Di luar Dokter Hernawan berkata.

"Anak Ibu dalam keadaan baik. Normal. Saya menyarankan agar banyak istirahat saja"

"Kalau anak saya baik, normal, saya minta dia diperbolehkan pulang saja siang ini." kata Mbok Narti.

Dokter Hernawan berunding dengan suster Farida.

Akhirnya perawat itu berkata.
"Kita lihat perkembangan satu sampai dua jam mendatang. Kalau tidak ada apa-apa, anak Ibu boleh pulang. Saya akan buatkan resep obat penenang dan suplemen vitamin untuk mempercepat dan memulihkan kondisi badannya."

Mbok Narti mengangguk dan mengucapkan terima kasih lalu masuk ke dalam kamar.

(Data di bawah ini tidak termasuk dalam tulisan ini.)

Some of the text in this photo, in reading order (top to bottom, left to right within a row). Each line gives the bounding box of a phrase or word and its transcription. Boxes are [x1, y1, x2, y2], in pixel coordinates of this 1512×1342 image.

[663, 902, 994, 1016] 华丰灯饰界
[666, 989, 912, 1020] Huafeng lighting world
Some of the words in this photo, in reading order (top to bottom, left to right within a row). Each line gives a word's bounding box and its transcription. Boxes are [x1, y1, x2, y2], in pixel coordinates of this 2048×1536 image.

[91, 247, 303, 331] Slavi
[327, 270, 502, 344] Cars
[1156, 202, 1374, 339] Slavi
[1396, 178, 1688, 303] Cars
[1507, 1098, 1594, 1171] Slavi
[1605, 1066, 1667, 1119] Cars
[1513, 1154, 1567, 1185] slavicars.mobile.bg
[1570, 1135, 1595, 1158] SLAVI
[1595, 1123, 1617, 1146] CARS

Dokter Hernawan lalu dia mendekati rekannya, suster Farida.
"Ini memang satu kejadian aneh. Pasien itu tiga hari tidak juga sadar, denyut nadi juga lemah. Asupan makanan juga hanya dari selang infus. Pagi ini sadar sepenuhnya seperti habis bangun tidur. Benar-benar ajaib."

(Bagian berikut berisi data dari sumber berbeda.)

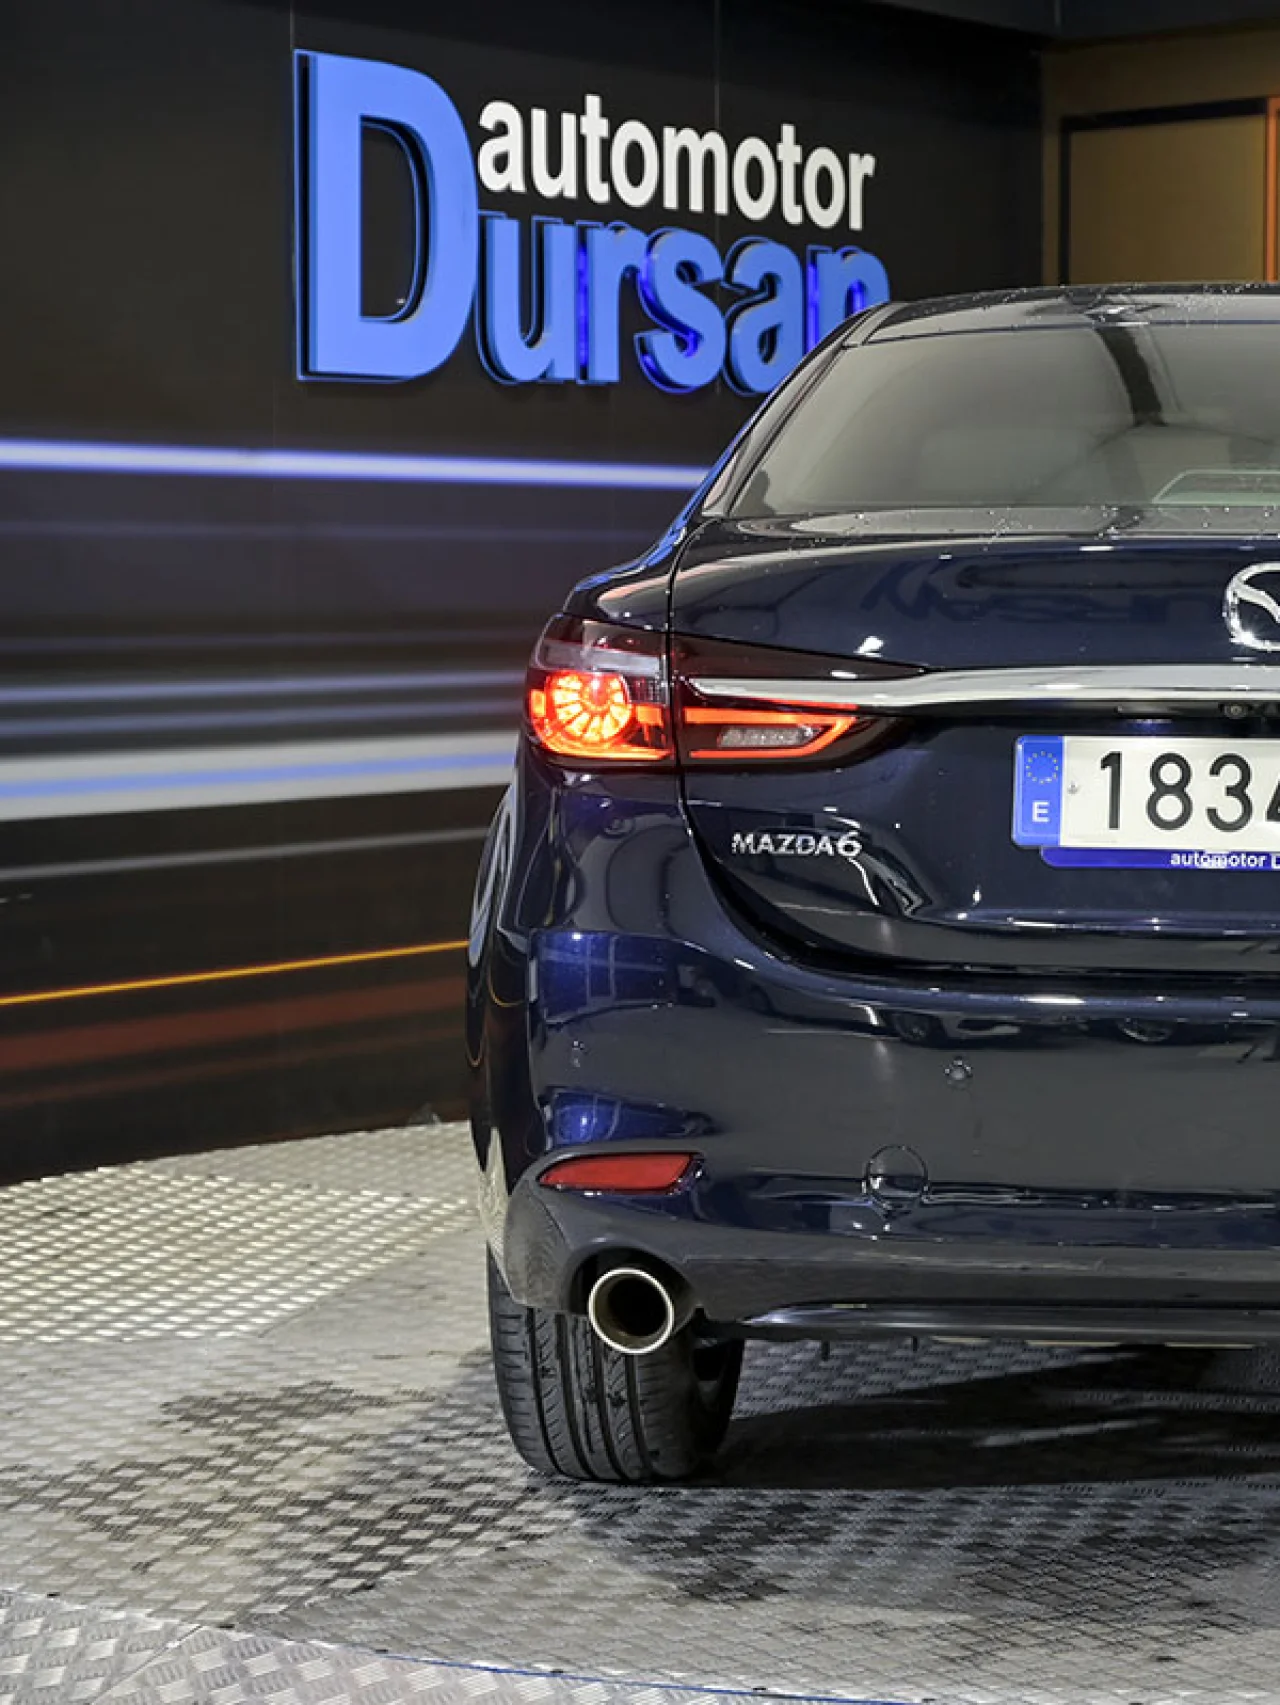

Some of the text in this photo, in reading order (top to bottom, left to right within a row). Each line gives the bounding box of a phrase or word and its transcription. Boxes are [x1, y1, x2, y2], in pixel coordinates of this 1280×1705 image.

Beberapa lama Dokter Hernawan tidak bisa berkata apa-apa. Hanya menggelengkan kepala berulang kali. Akhirnya Dokter ini berkata.

"Sulit saya percaya. Saya hampir yakin. Anak itu pasti punya ilmu yang didapat dari dasar lautan. Kalau tidak mustahil dia bisa mengalami kesembuhan begitu rupa."

"Jika dia memang punya ilmu," kata Dokter Hernawan pula.

"Tidak ada salahnya kita belajar. Ilmu kedokteran digabung dengan kekuatan ilmu gaib. Demi kebaikan pasien. Saya rasa itu tidak akan menyalahi Kode Etik Kedokteran."

Dokter dan suster itu lalu sama-sama tertawa berderai.

****

Seminggu sudah sejak Djarot keluar dari rumah sakit. Sore itu Mbok Narti dan Pakdhe Karwo kakak kandung Mbok Narti yang sengaja jauh-jauh datang dari Yogyakarta tengah berbincang-bincang di ruang tengah rumah.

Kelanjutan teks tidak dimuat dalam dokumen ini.